Re: [slurm-users] [External] Hibernating a whole cluster

2023-02-07 Thread Sean Mc Grath
Hi Analabha,

Could you do something like create a daily reservation for 8 hours that starts 
at 9am, or whatever times work for you like the following untested command:

scontrol create reservation starttime=09:00:00 duration=8:00:00 nodecnt=1 
flags=daily ReservationName=daily

Daily option at https://slurm.schedmd.com/scontrol.html#OPT_DAILY

Some more possible helpful documentation at 
https://slurm.schedmd.com/reservations.html, search for "daily".
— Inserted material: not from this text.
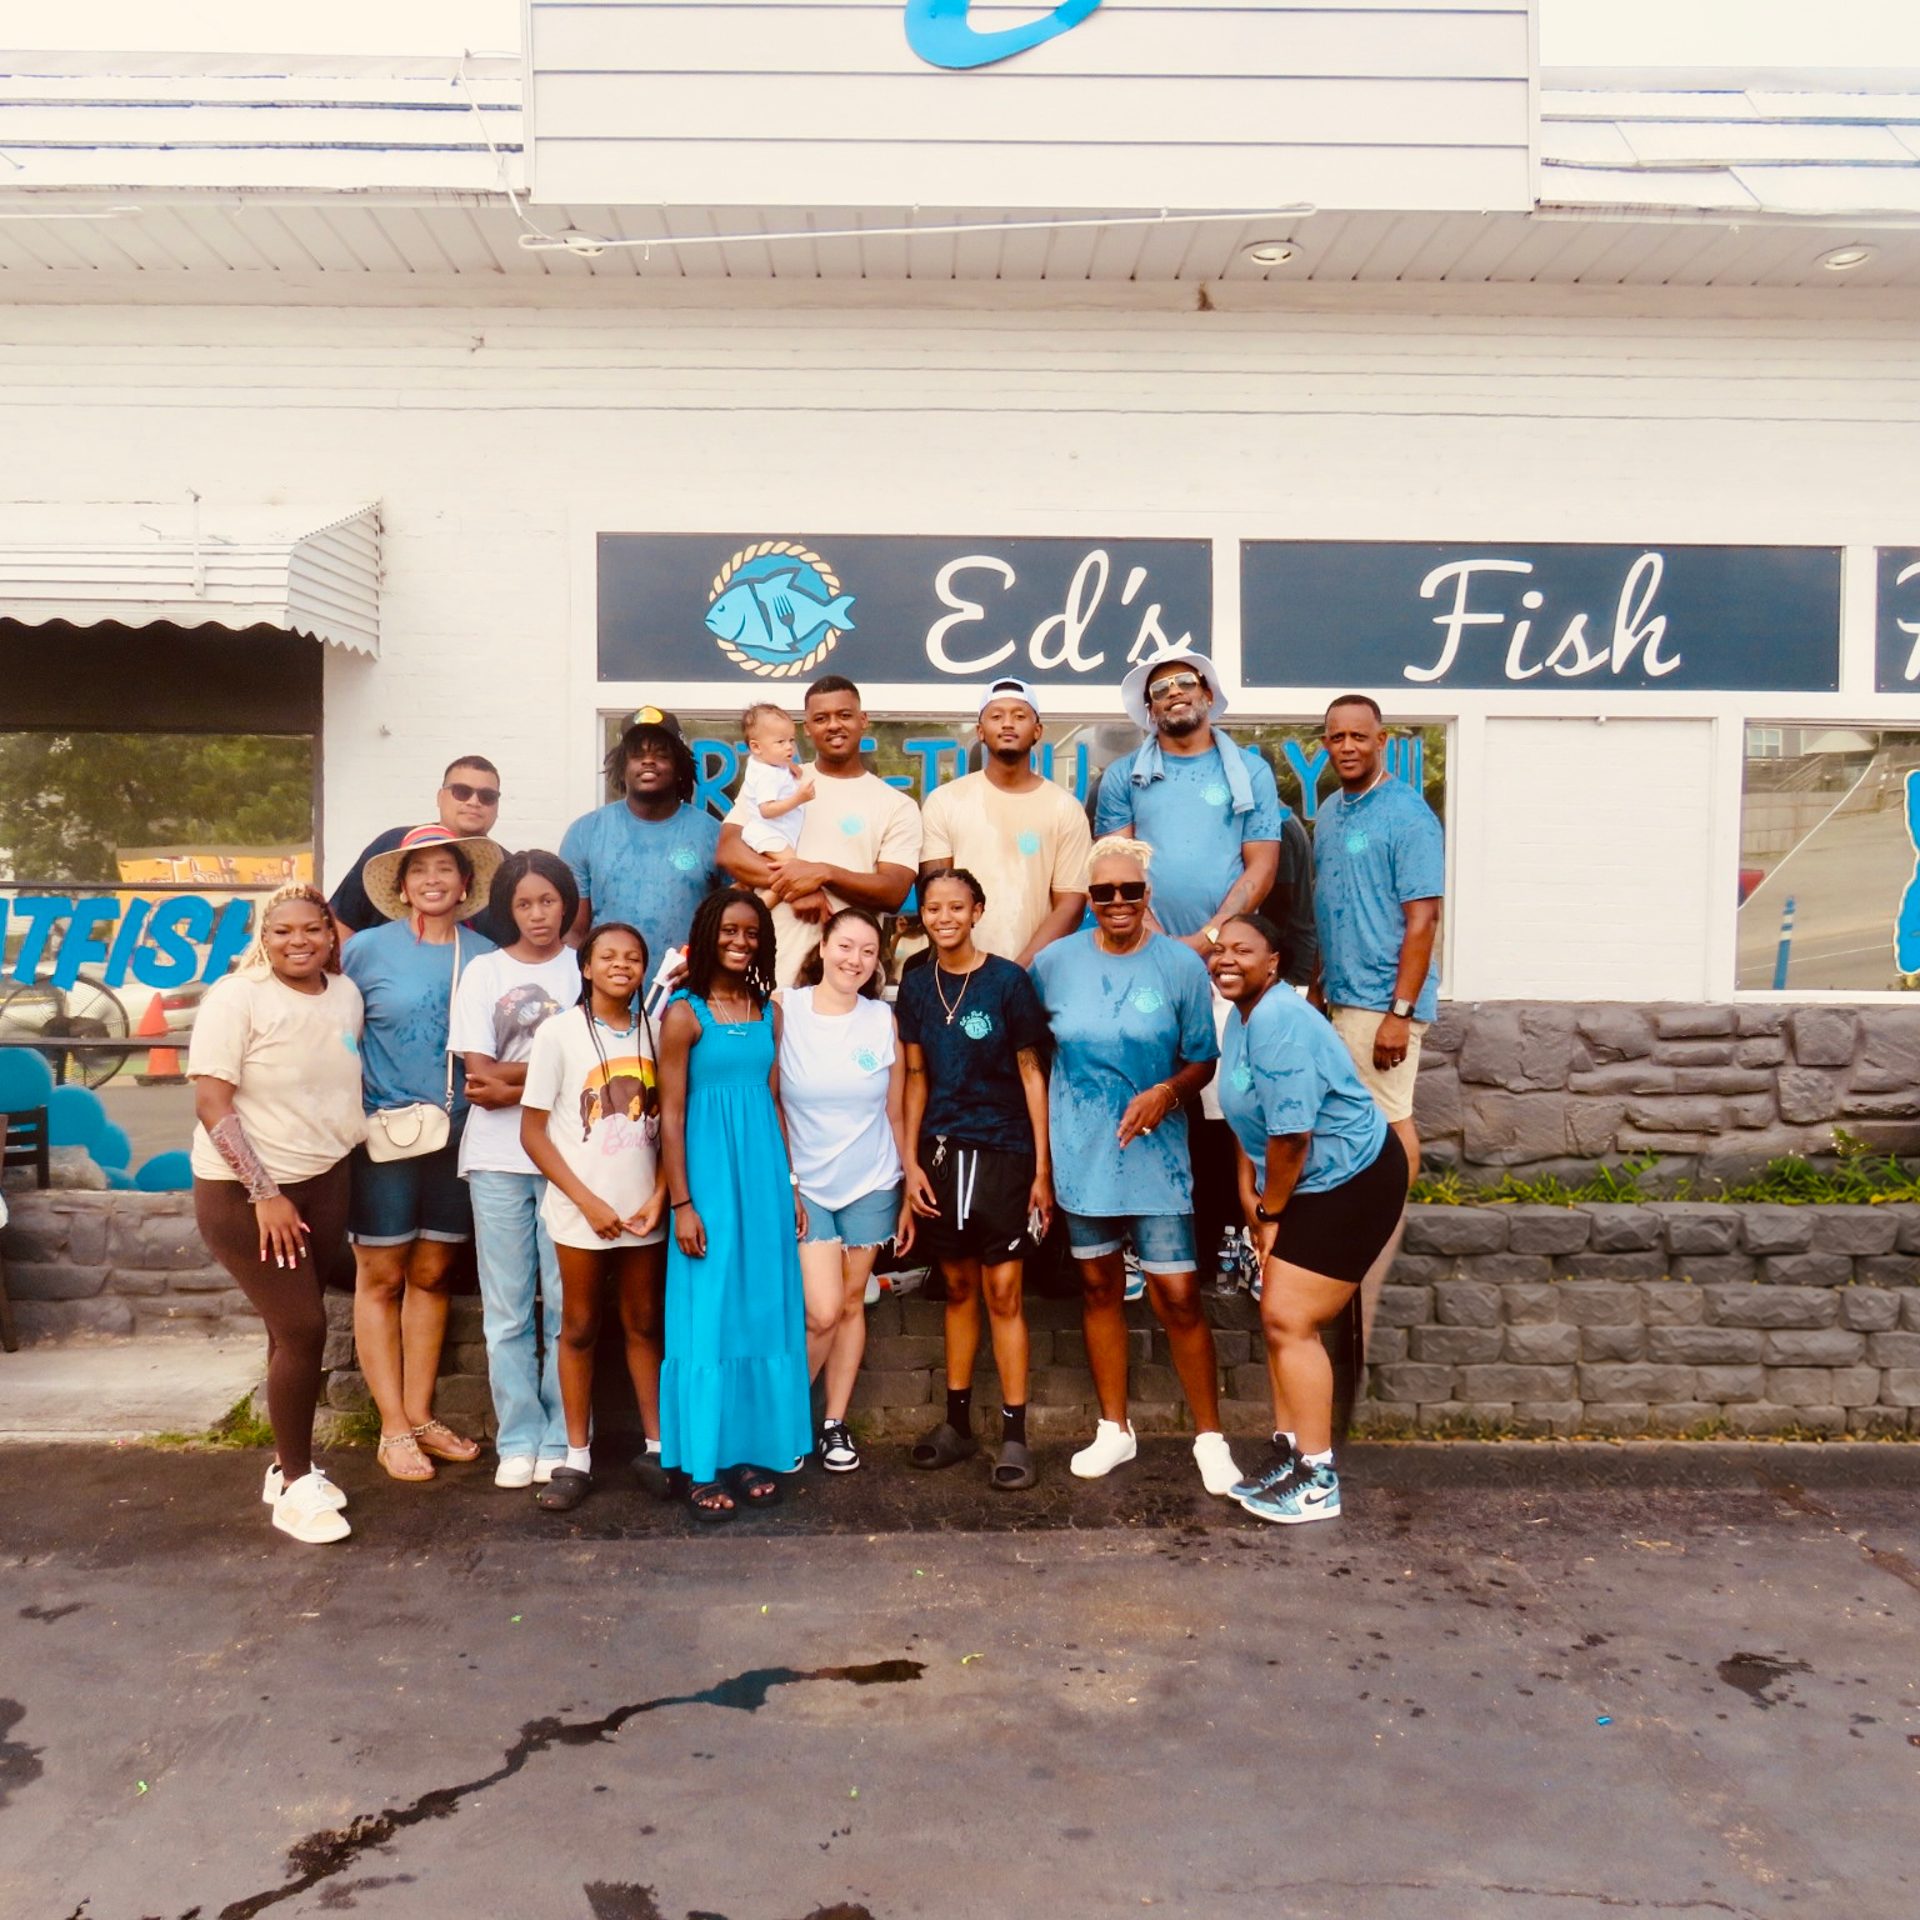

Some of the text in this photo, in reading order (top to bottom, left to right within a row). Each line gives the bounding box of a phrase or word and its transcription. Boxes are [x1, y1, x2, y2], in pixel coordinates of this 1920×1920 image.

[926, 550, 1681, 682] Ed's Fish
[0, 894, 255, 991] TFIS
My idea being that jobs can only run in that reservation, (that would have to 
be configured separately, not sure how from the top of my head), which is only 
active during the times you want the node to be working. So the cronjob that 
hibernates/shuts it down will do so when there are no jobs running. At least in 
theory.

Hope that helps.

Sean

---
Sean McGrath
Senior Systems Administrator, IT Services


From: slurm-users  on behalf of Analabha 
Roy 
Sent: Tuesday 7 February 2023 10:05
To: Slurm User Community List 
Subject: Re: [slurm-users] [External] Hibernating a whole cluster

Hi,

Thanks. I had read the Slurm Power Saving Guide before. I believe the configs 
enable slurmctld to check other nodes for idleness and suspend/resume them. 
Slurmctld must run on a separate, always-on server for this to work, right?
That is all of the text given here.